While Lancaster might have the more high-profile post, it is Douglas who feels like the sinews holding the movie together, and rightfully so, because he was one of the major forces behind the film’s production. To his credit, it shows his ability to play a more restrained part — close to the vest — which still remains deeply impactful.

His scenes with Ava Gardner feel like a minor side note to this covert conspiracy of international importance, and yet it’s a tribute to both of them; it feels real and devastating in its own right. Their shared context means something.

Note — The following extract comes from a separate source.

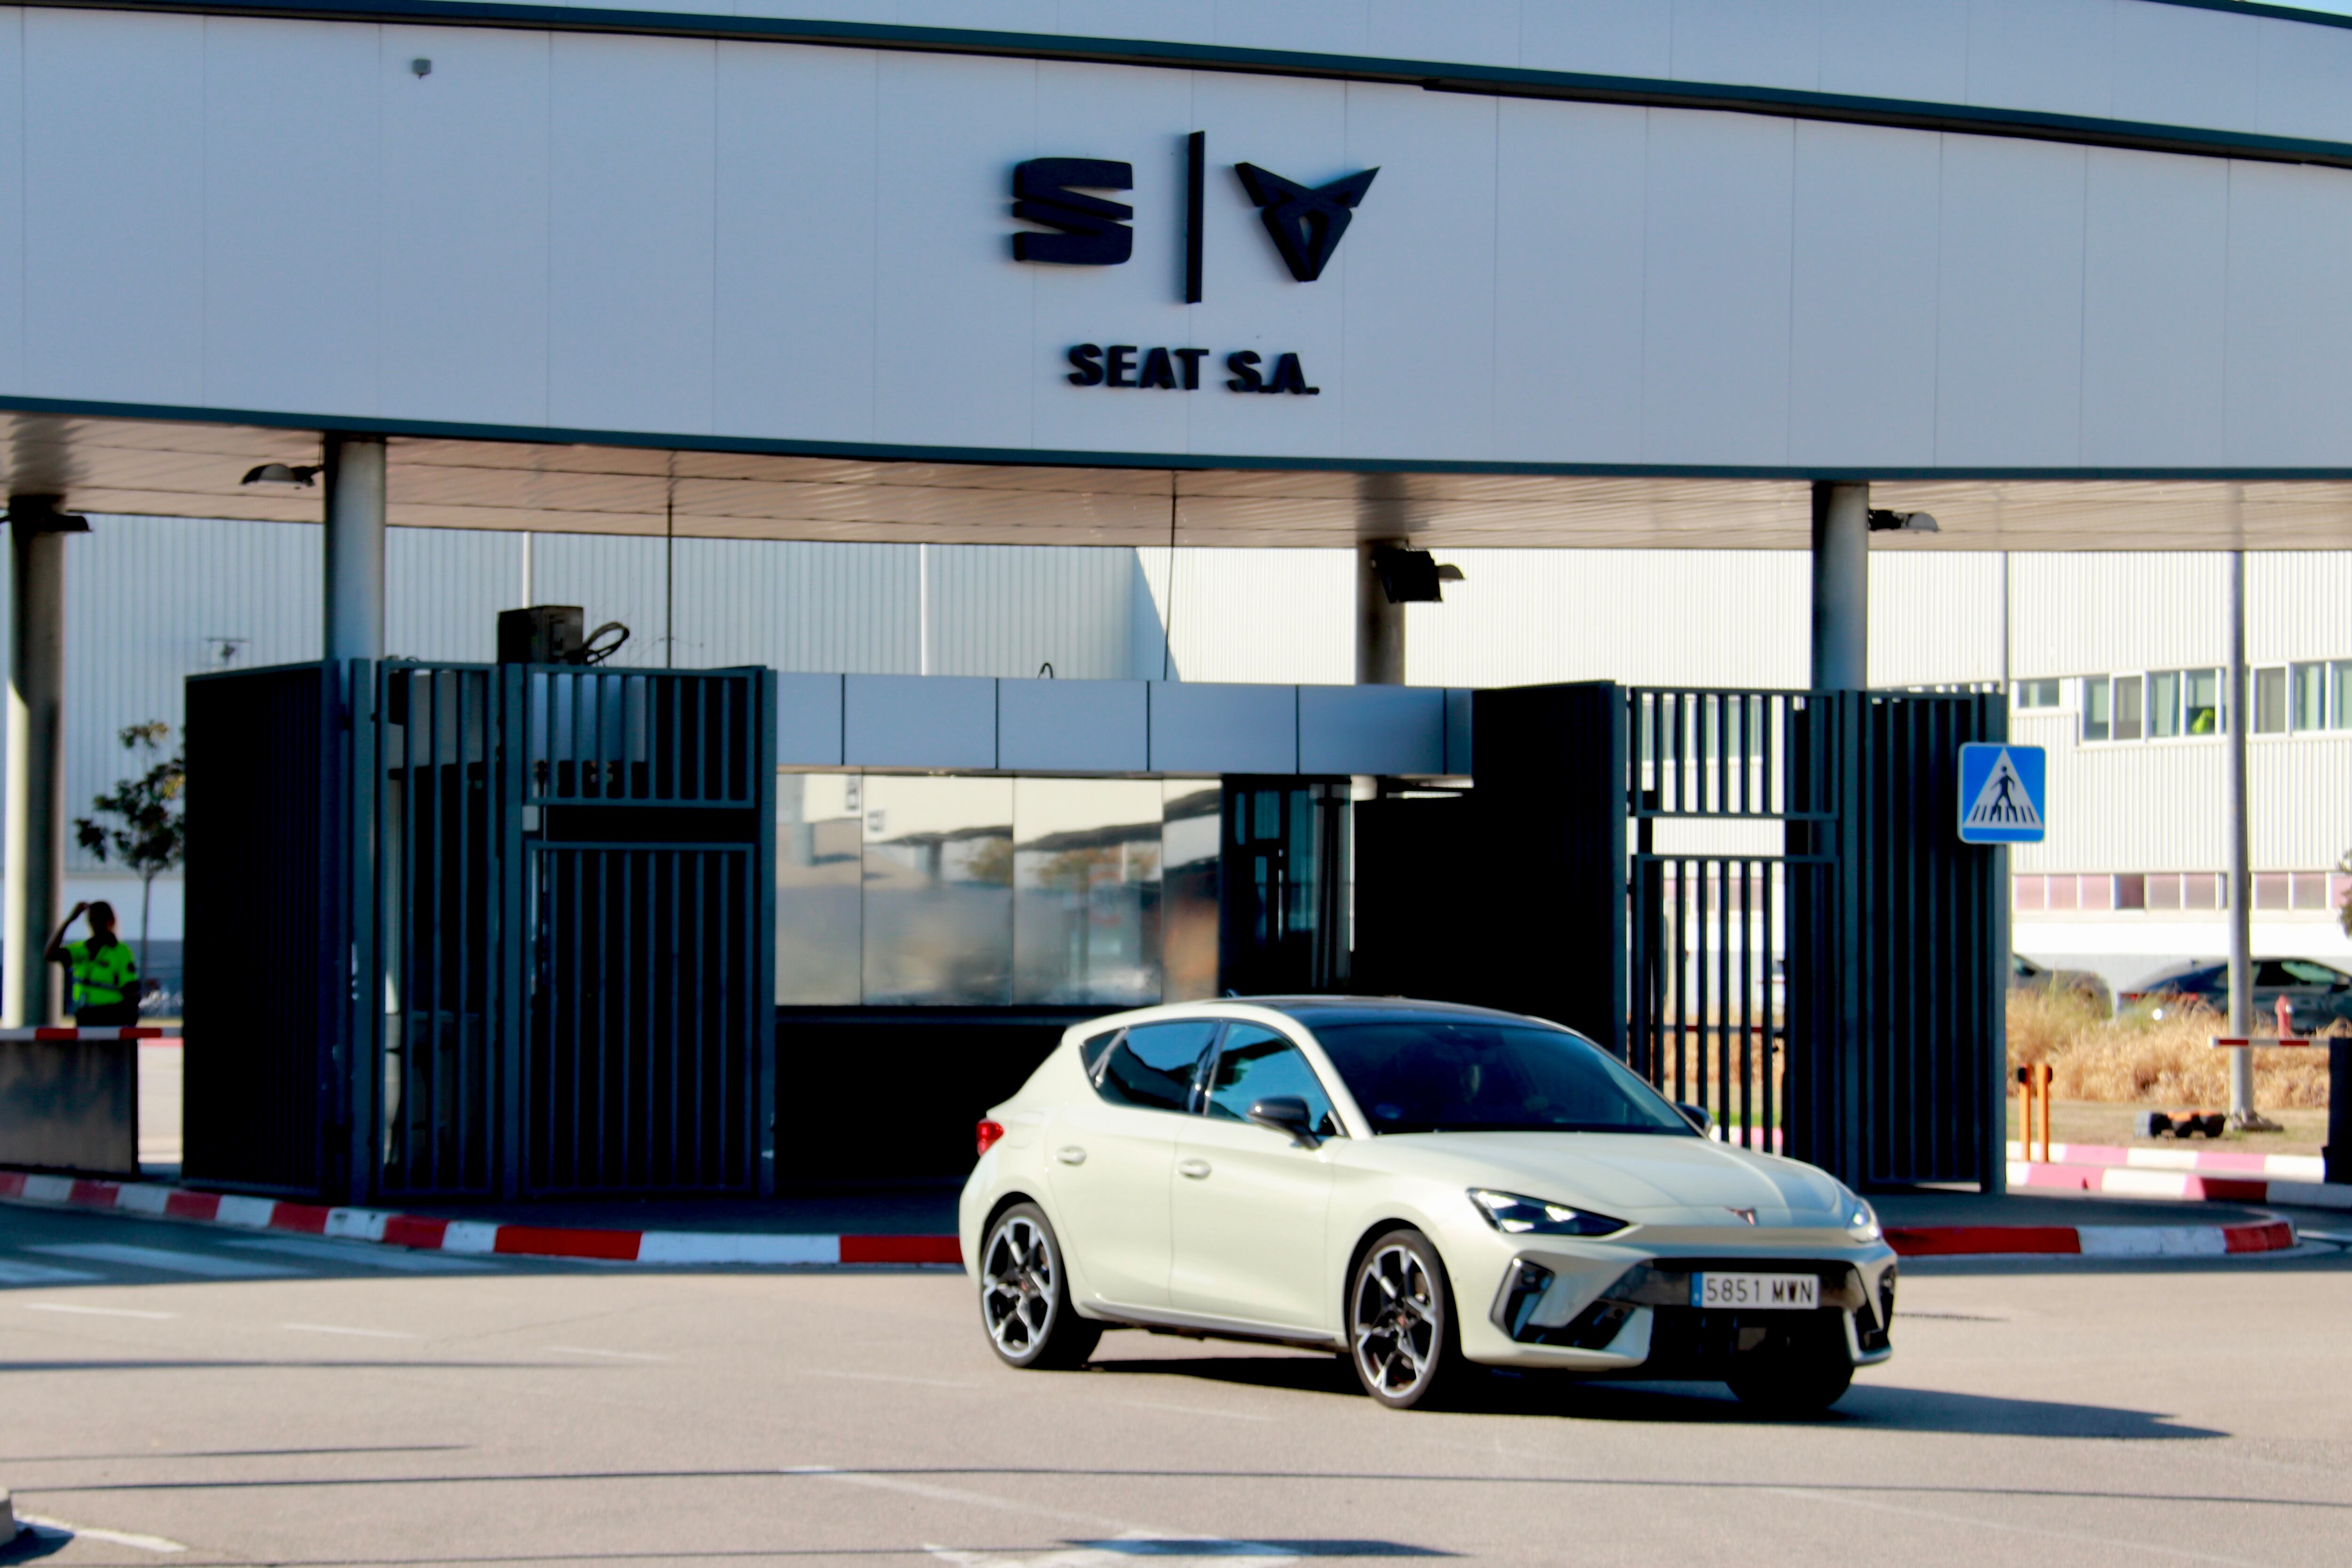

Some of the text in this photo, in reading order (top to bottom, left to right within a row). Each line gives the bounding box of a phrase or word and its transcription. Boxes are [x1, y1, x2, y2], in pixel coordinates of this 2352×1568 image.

[1068, 344, 1320, 394] SEAT S.A.
[1706, 1278, 1812, 1304] 5851 MWN
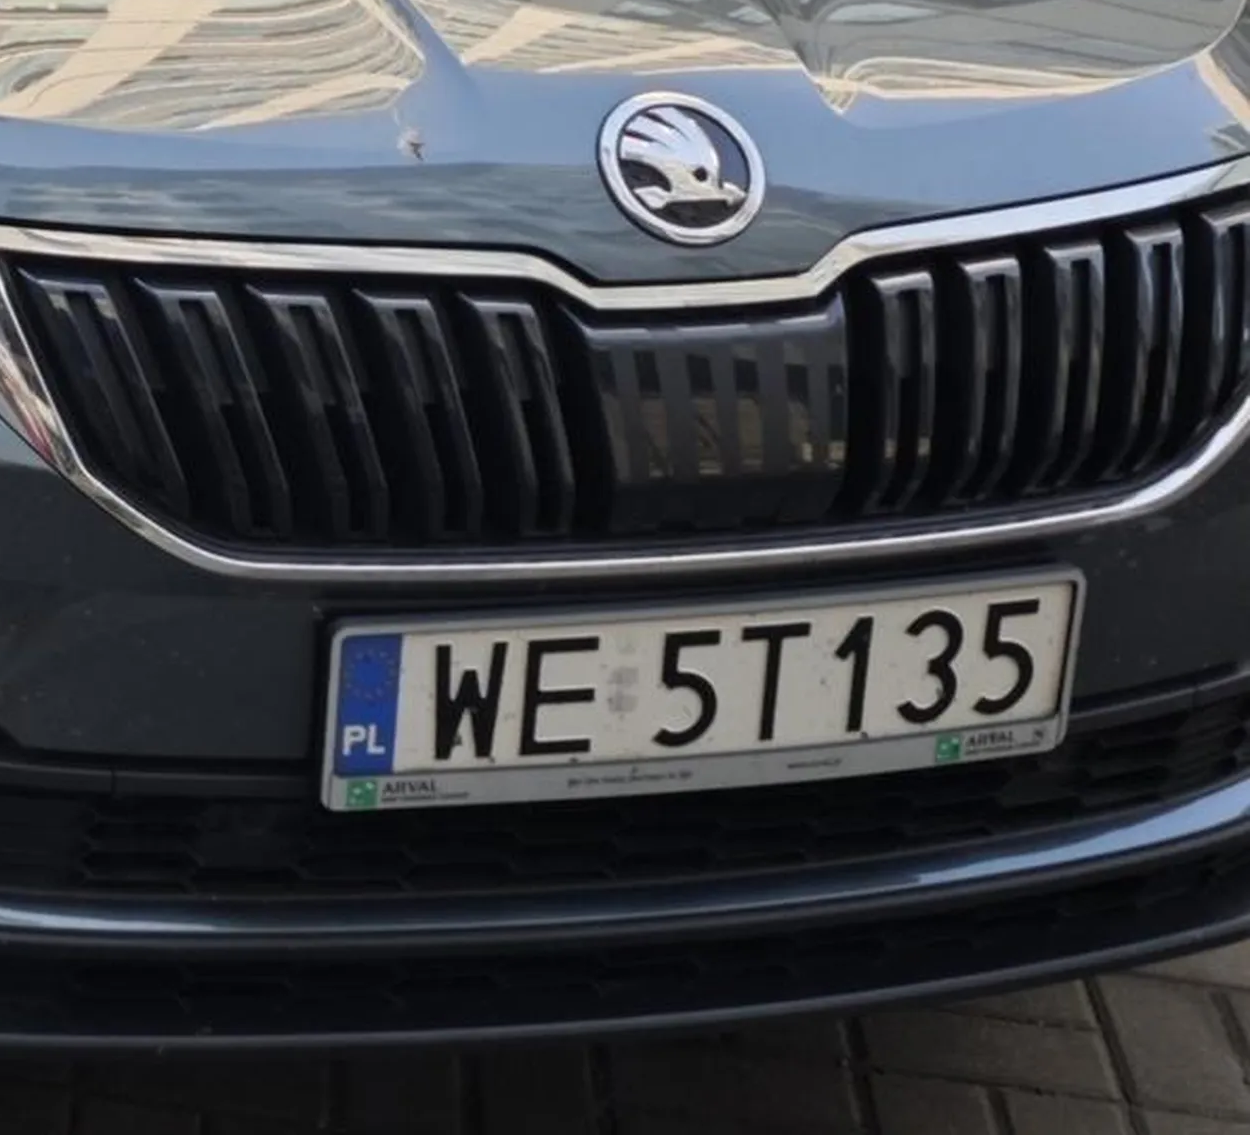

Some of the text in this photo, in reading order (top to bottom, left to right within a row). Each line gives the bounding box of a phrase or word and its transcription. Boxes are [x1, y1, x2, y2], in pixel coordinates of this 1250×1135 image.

Given the era, it’s hard not to consider the likes of Advise & Consent and then the more nuclear-oriented dramas like Fail Safe and Dr. Strangelove. And of course, John Frankenheimer had a well-documented pedigree with the political thriller from one of the most high-profile contenders, The Manchurian Candidate, and the criminally overlooked Seconds a few years down the road.

If we were to take his loose trilogy and compare it with Alan J. Pakula’s trifecta of thrillers from the 1970s, we can somewhat trace the evolution of the genre from one decade to the next.

As Lyman notes, the electorate is looking to elect a personal God for the duration, whether a McCarthy or a General Walker. They clamor for such a person to assuage their fears. The enemy is not other men but the nuclear age. We suspect infiltration and that the enemy is trying to blow us off this rock. Not until later would our own government be implicated, and then big business and our own systems be seen as a source of the problems.

Some of the best scenes take place in the privacy of the oval office because we sense the tension provided by the stakes. However, the whole drama is brought down to a manageable scale that can be quantified and understood through human relationships.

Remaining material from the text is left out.